Most of my life I’ve tried to take on certain traits others possess. The reasons are varied: sometimes I started liking a certain band because the cool kids liked it, other times I would read certain books or eat certain foods or even participate in certain activities, just because they were those things that all the interesting, attractive people enjoyed.
I didn’t really have any friends growing up. I finally made a few shallow friends in junior high though, because I saw the popular kids and tried to make myself fit into their picture. I started playing basketball and lacrosse (two things I had no interest in), I listened to Sublime (a band I wasn’t into, no offense Sublime fans), I wore those soft, baggy basketball shorts and sports-team t-shirts, and I started drinking booze and smoking weed, because that’s what the popular kids did.

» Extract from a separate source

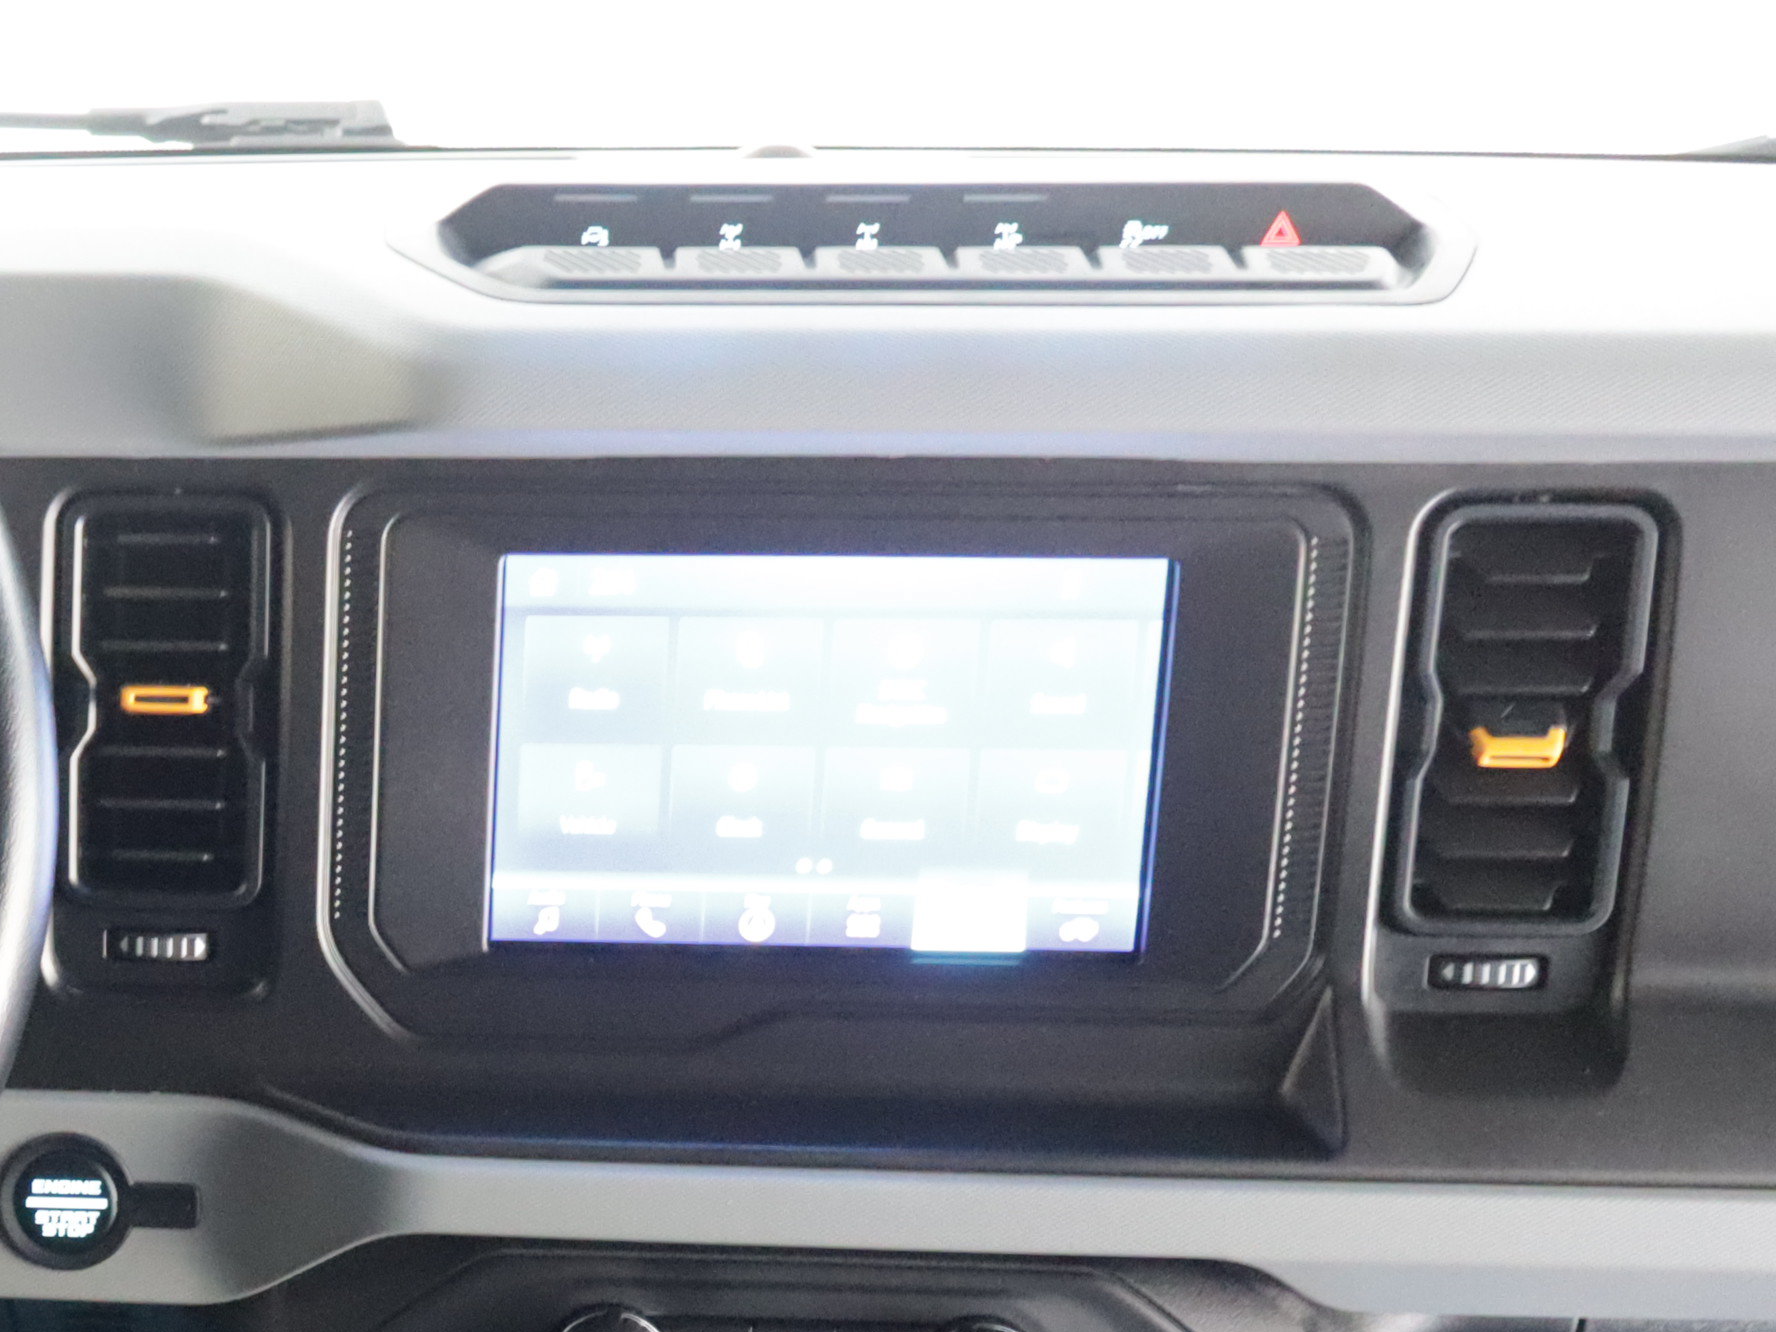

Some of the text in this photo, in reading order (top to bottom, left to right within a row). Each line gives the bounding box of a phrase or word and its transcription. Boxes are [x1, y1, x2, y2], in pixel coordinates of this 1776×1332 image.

And I didn’t truly like any of those things, but I did them anyway, and I fit in with them and made some friends.
It wasn’t until high school that I began to turn into who I am today. When high school started, I joined band and started hanging out with the older musicians, the drama kids, and the aspiring artists. At my high school these kids weren’t considered cool, though. But I had reached the point where I didn’t care, I got along with them and they liked the same things that I truly liked, and I started to feel more comfortable with myself. I got my first girlfriend, found my favorite hang-out spots, favorite bands, favorite books, and the list goes on.
But after high school, I started moving around. And I immediately looked for people who I thought I identified with. People who fit into a certain niche. And I realized that it wasn’t an obscure one at all, that there were actually a huge population of people in the country who were a part of it. I’ve always been an astute person, and I began to notice that there were certain trends that I had to follow if I wanted to stay up to date, in the know, or whatever the hell else you want to call it. Things like reading Nietzsche, Palahniuk, listening to The Smiths or The Shins, things like wearing v-necks — and it dawned on me: these people were just a different reincarnation of those jocks in junior high I had assimilated myself with in the first place. And this, my friends, made me feel very sick.
At first I tried to go along with it. I maintained my own identity and my own tastes and preferences, but I always added a few of the mainstream, popular, up-to-date tastes and preferences. It was like a chore. Because it was inevitable — I’d meet some cute girl somewhere, and she’d start talking about Nietzsche and I’d have to recall the few bits and pieces I’d read of Thus Spake Zarathustra, she’d mention Joy Division and I’d have to pretend like I enjoyed singing along with “Love Will Tear Us Apart” — and that just tore my brain apart.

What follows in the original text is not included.